In the second story, he turns to the guest list. He looks around the room and observes who was invited. This is something that you do. As you head to a party, you think, “I wonder who will be there.” When you leave the party, you comment, “I wonder why so and so wasn’t there.” It is automatic. We evaluate the crowd and wonder how the guest list was put together. We muse about who got invited and who couldn’t come and who was not on the list.
It was no different in Jesus’ time. In first century Palestine, inviting people to one’s table was a sign of affluence or status. In fact, there was a Near Eastern proverb that said, “I saw them eating and I know who they were.” Jesus blew this proverb out of the water. He ate with whomever he wanted to eat. In fact, just a few chapters earlier in the gospel of Luke, Jesus goes to another dinner party thrown by a Pharisee. While at this party, a prostitute shows up with an alabaster jar of ointment. “She stood behind him at his feet, weeping, and began to bathe his feet with her tears and to dry them with her hair. Then she continued kissing his feet and anointing them with the ointment. Now when the Pharisee who had invited him saw it, he said to himself, ‘If this man was a prophet, he would have known who and what kind of woman this is who is touching him—that she is a sinner.’” (Luke 7: 38-39).[1]
I’ve always wondered about the response of that Pharisee. He was in charge of the guest list. He was the one who invited Jesus. Why didn’t he say, “Who let her in?” When she started making this spectacle, why didn’t the host remove her? It’s a wonder that Jesus got invited back. Of course you never know what’s on someone’s mind when they make out the guest list. “I sure hope Uncle Hal’s friend isn’t invited to Thanksgiving. Do you remember how he got tipsy last year and turned over the gravy bowl? What a mess. Why do they keep inviting him?” If Jesus embraces such behavior, why did the Pharisee invite him back?
The host is a different Pharisee. He is a different Pharisee than the one who invited Jesus earlier. It is seven chapters later in the gospel of Luke and a lot closer to Jerusalem. At this dinner party, the guest list was tightly conceived and there was a bouncer at the door. No sinners with alabaster busting in on this party. Jesus looks around and says to the host, “What kind of party are you throwing here? Your guest list stinks. Don’t you know the Son of Man eats with everyone?” Then he gets specific. “You’ve just invited people who can repay.”
What’s wrong with that? Everybody knows that’s how polite people behave. I’ve heard it all week. “This is my sister’s year to host Thanksgiving. Next year, it will be our turn.” “Of course I’ll come to Thanksgiving. What can I bring?” Even if the response is “Oh nothing” you still take something. You’ve learned not to show up empty handed. It’s embarrassing. When it comes to dinner parties, there is always an implied reciprocity.

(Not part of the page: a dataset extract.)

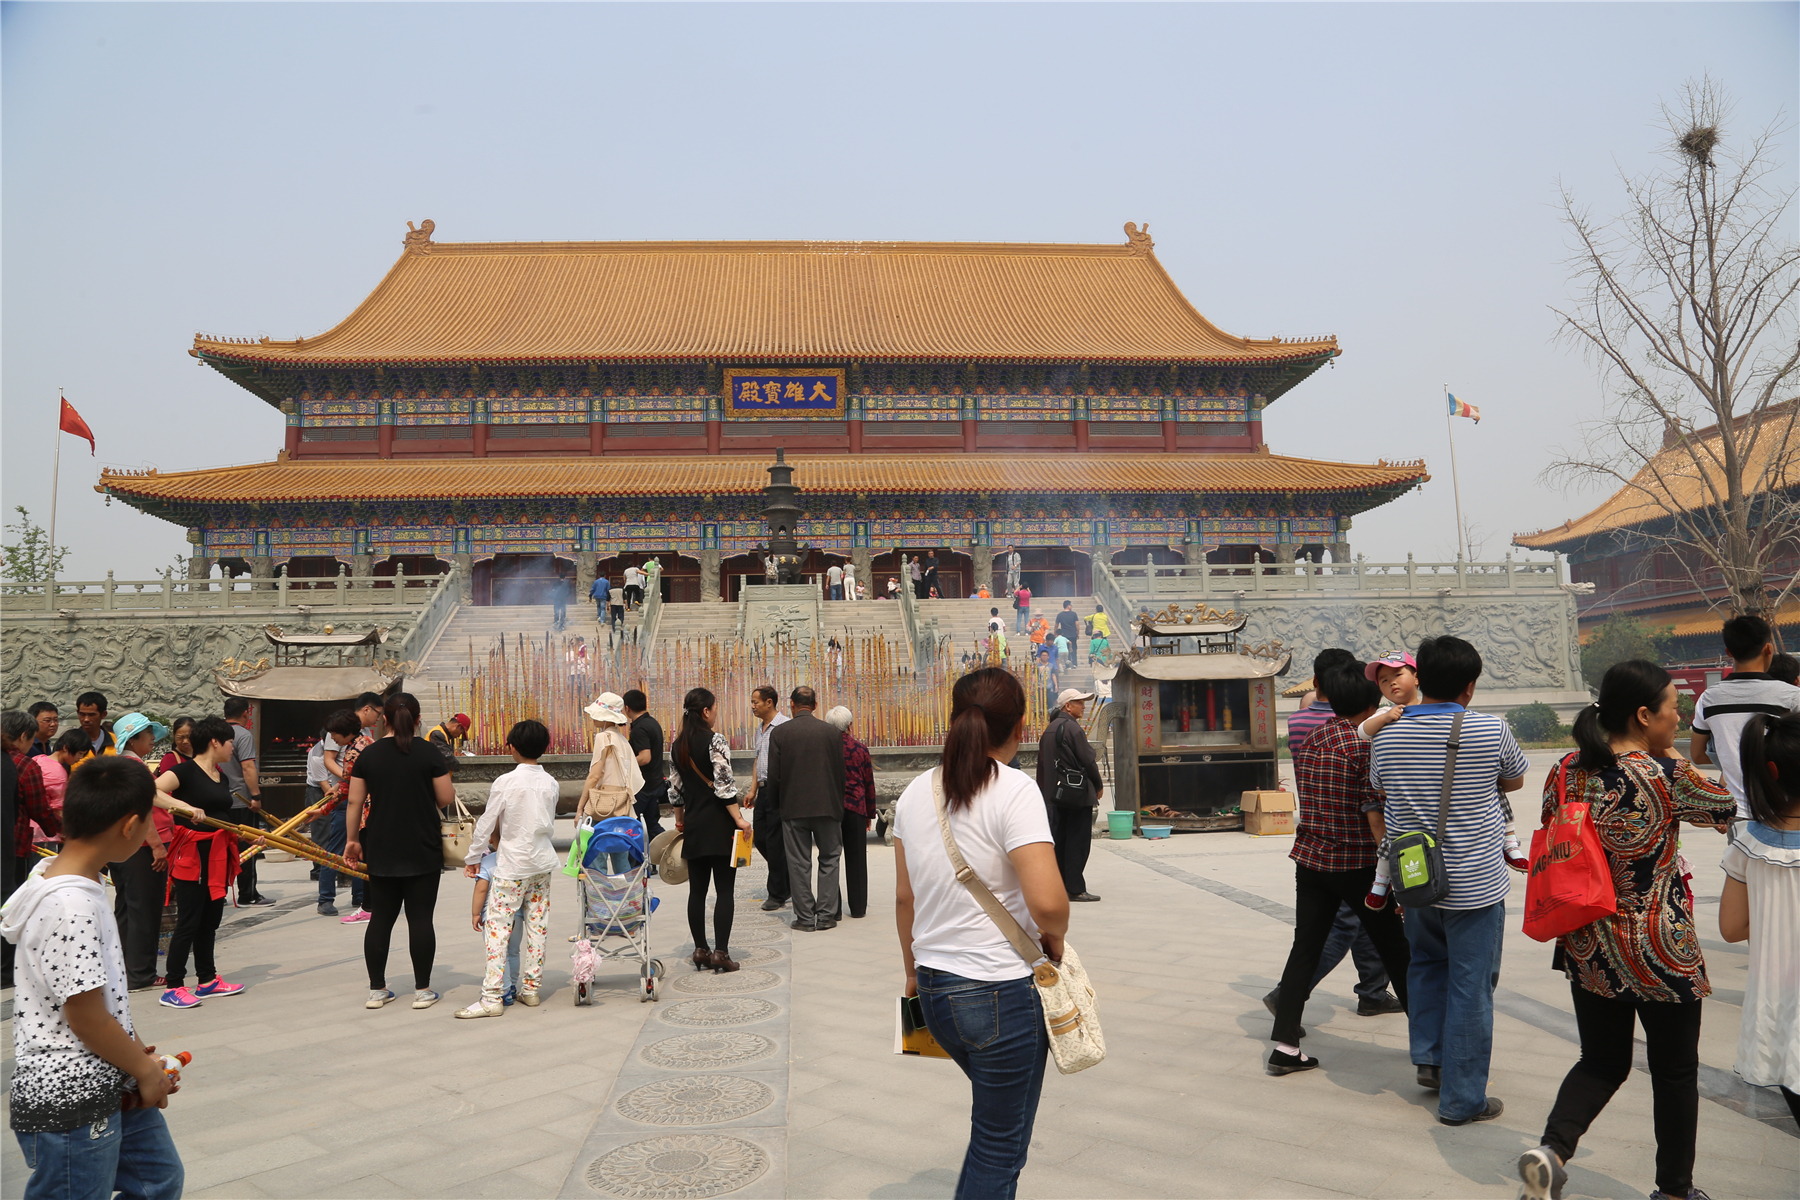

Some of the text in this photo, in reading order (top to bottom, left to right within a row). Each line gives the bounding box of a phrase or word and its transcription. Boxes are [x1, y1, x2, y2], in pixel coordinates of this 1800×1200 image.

[738, 380, 833, 405] 大雄寶殿
[1407, 871, 1422, 879] adidas

Do you have this picture clearly in your head? Jesus is at the home of a leader of the ruling party, the Pharisees. He has invited the best of the community to meet Jesus. And Jesus says, “You throw a lousy party. There are people missing from this party.” “When you give a banquet, invite the poor, the crippled, the lame, and the blind.” (Luke 14:13) Be honest. With this kind of behavior, how many of you would invite Jesus back to your party?” Jesus is just being rude. He’s being rude if he is talking about etiquette. But if this is a continuation of the parable, then there is an entirely different thing going on.
Parables are about the kingdom and there isn’t any sort of reciprocity going on in the kingdom. You can’t show up at the heavenly banquet with a pumpkin pie and Cool Whip to repay your debt. In the kingdom, God is the host. Who can repay God? [2]

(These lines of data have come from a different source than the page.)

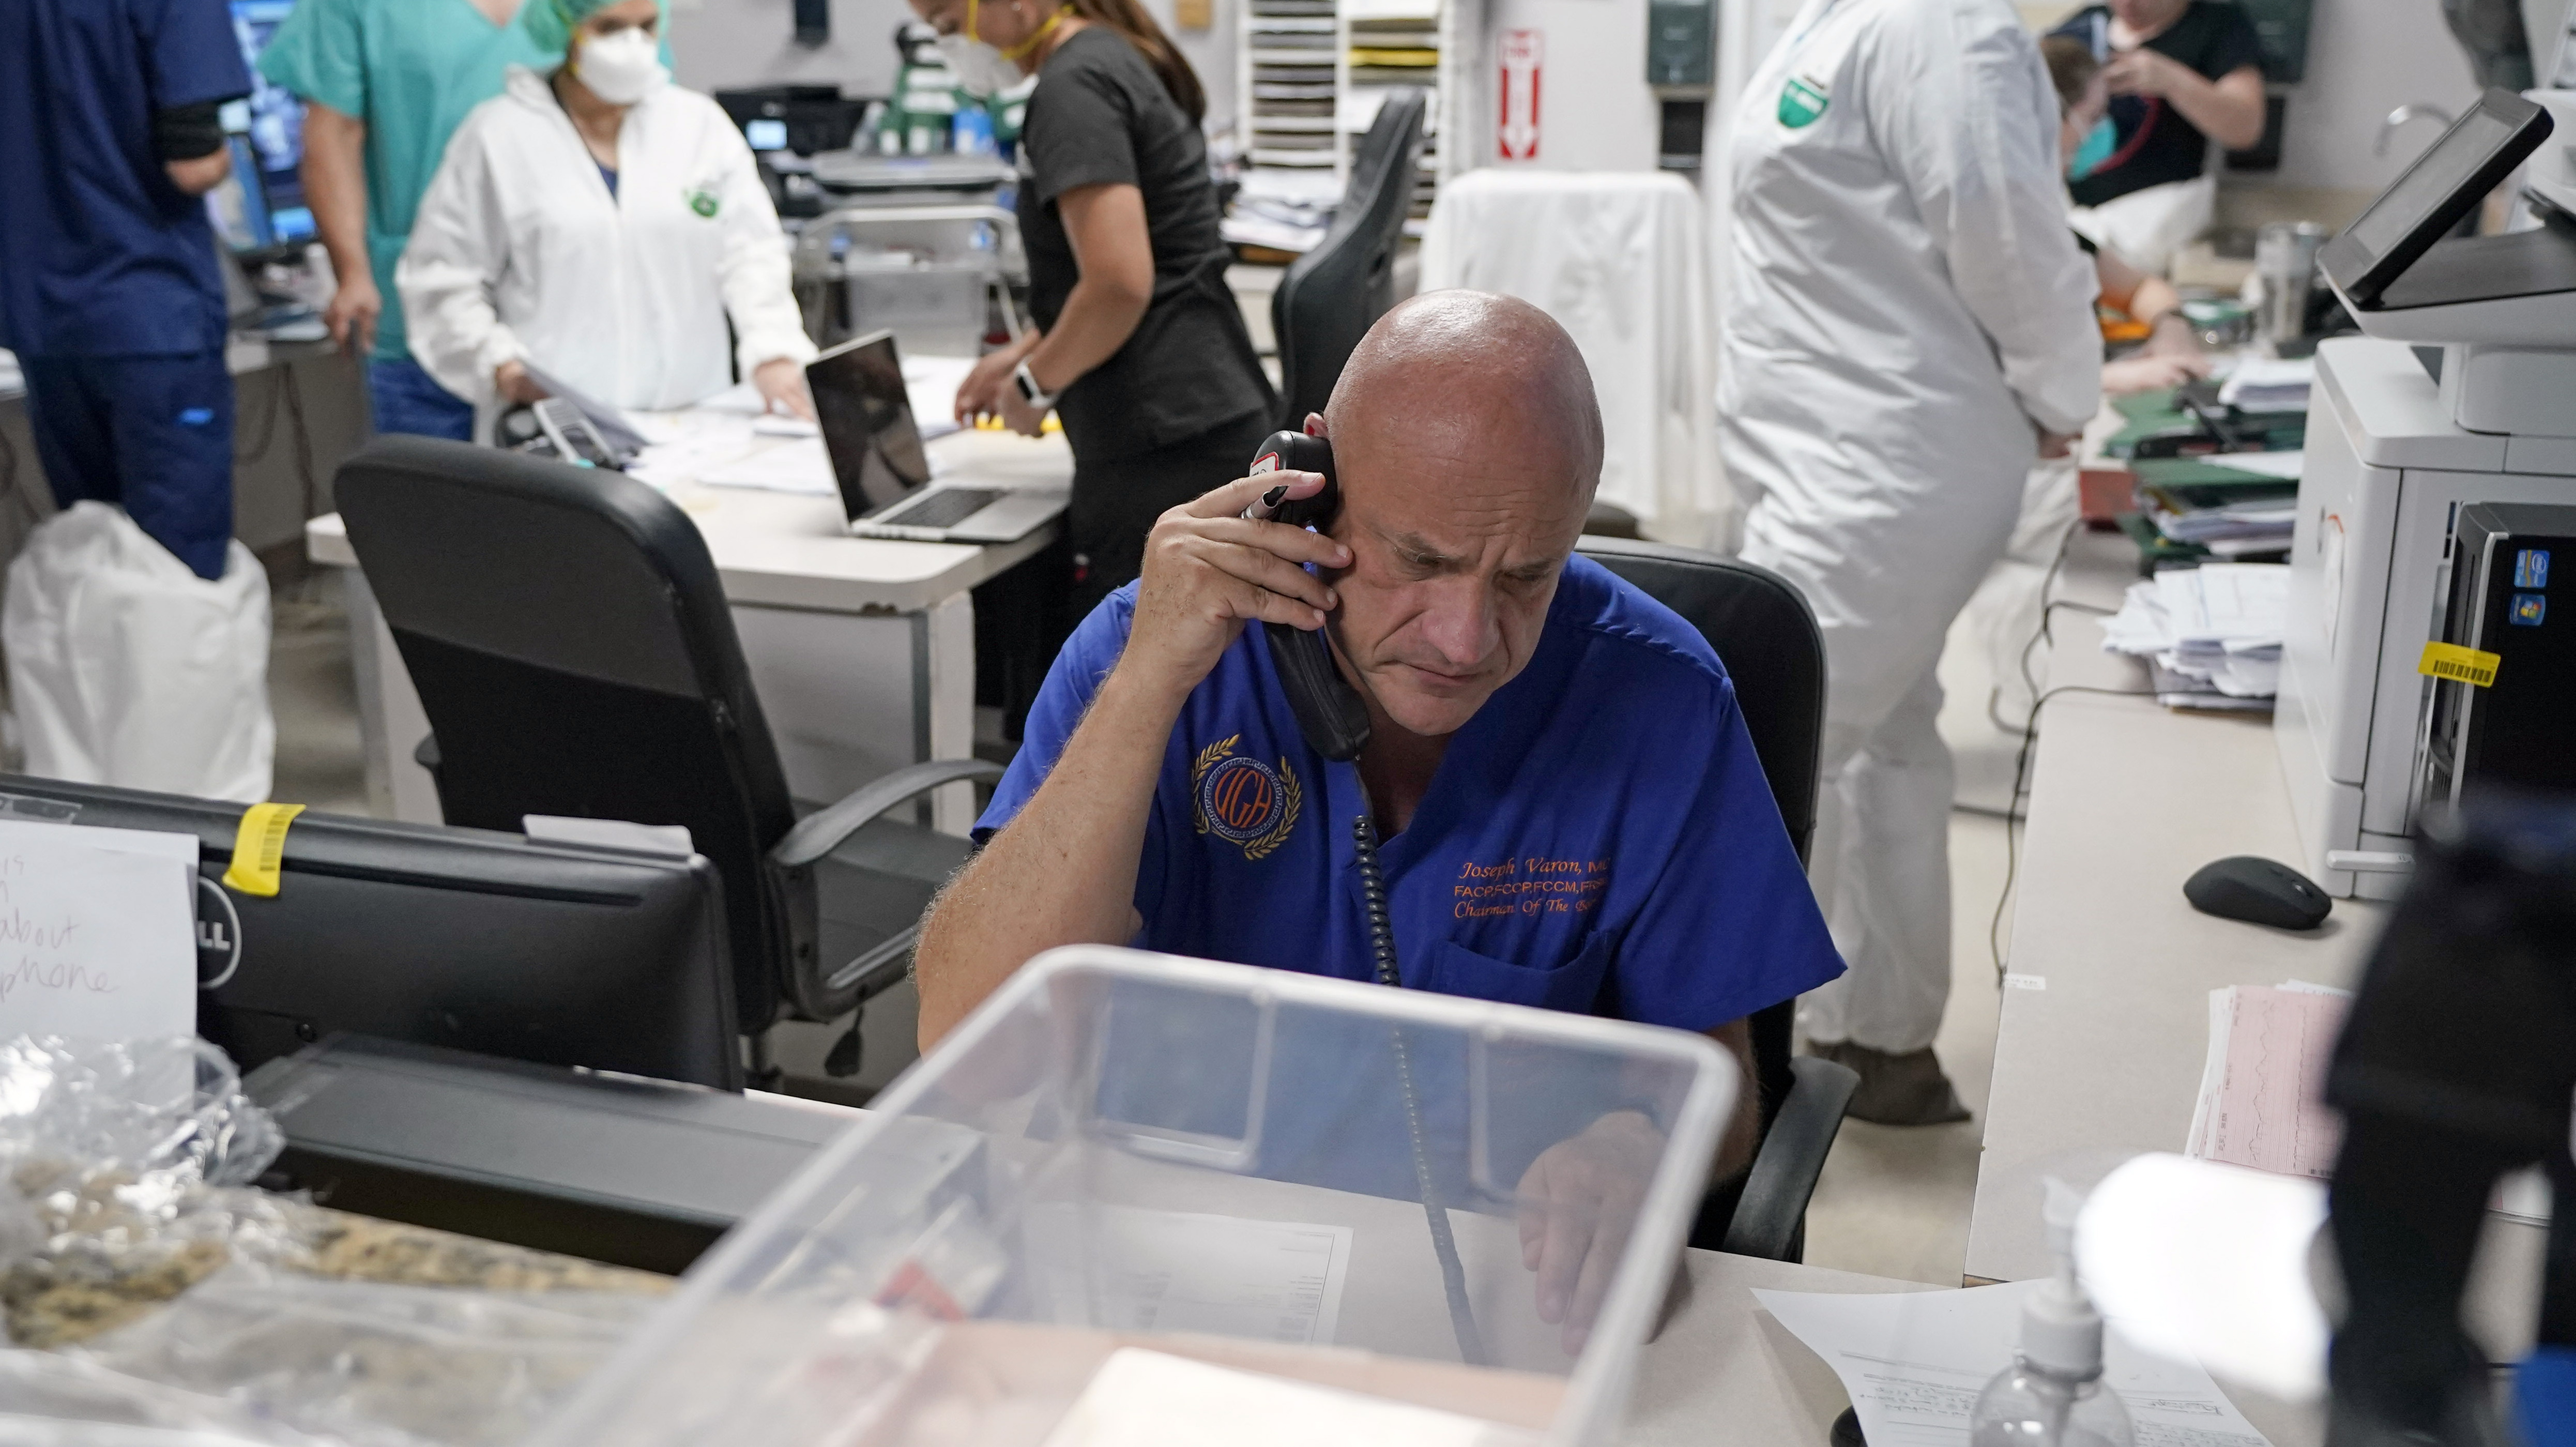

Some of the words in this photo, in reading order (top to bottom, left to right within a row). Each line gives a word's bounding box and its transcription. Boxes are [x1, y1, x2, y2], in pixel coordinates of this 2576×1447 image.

[1459, 857, 1515, 880] Joseph
[1525, 857, 1582, 875] Varon,
[1455, 900, 1515, 918] Chairman
[1522, 898, 1543, 916] Of
[1546, 898, 1568, 912] The
[197, 920, 231, 950] LL

If God is the host, God makes out the guest list and in the kingdom, no one is left off the list. Everyone will be there. The powerful and the poor, the celebrity and the cripple, the luminaries and the lame, the big shots and the blind all make it on the guest list. When it comes to God’s guest list, he invites all of his family, everyone, red and yellow, black and white. All God’s children are precious in his sight.
Do you know the expression, you are what you eat? No one likes that phrase during these next two months of over indulgence. With this parable, Jesus changes that expression to “You are who you eat with.” He addresses our guest list. Jesus isn’t being rude or wanting to shame his host. He wants everyone to look around and realize what a privileged, exclusive group of people they are sitting with and to realize that our guest list is flawed. There are others that need to be invited to our banquet. This takes us back to the opening question. Just what can I say that might change your plans for Thanksgiving? Who here is going to send out some quick invitations to the poor, the crippled, the lame, and the blind? And just how comfortable are they going to be in your home?
Knowing that very few if any of us are going to change our Thanksgiving plans, let me suggest that one of the ways we expand our guest list is through our mission efforts. This weekend, Thanksgiving food baskets were delivered to 70 families. If you did not participate in this ministry in some way or another, your guest list for Thanksgiving was narrow.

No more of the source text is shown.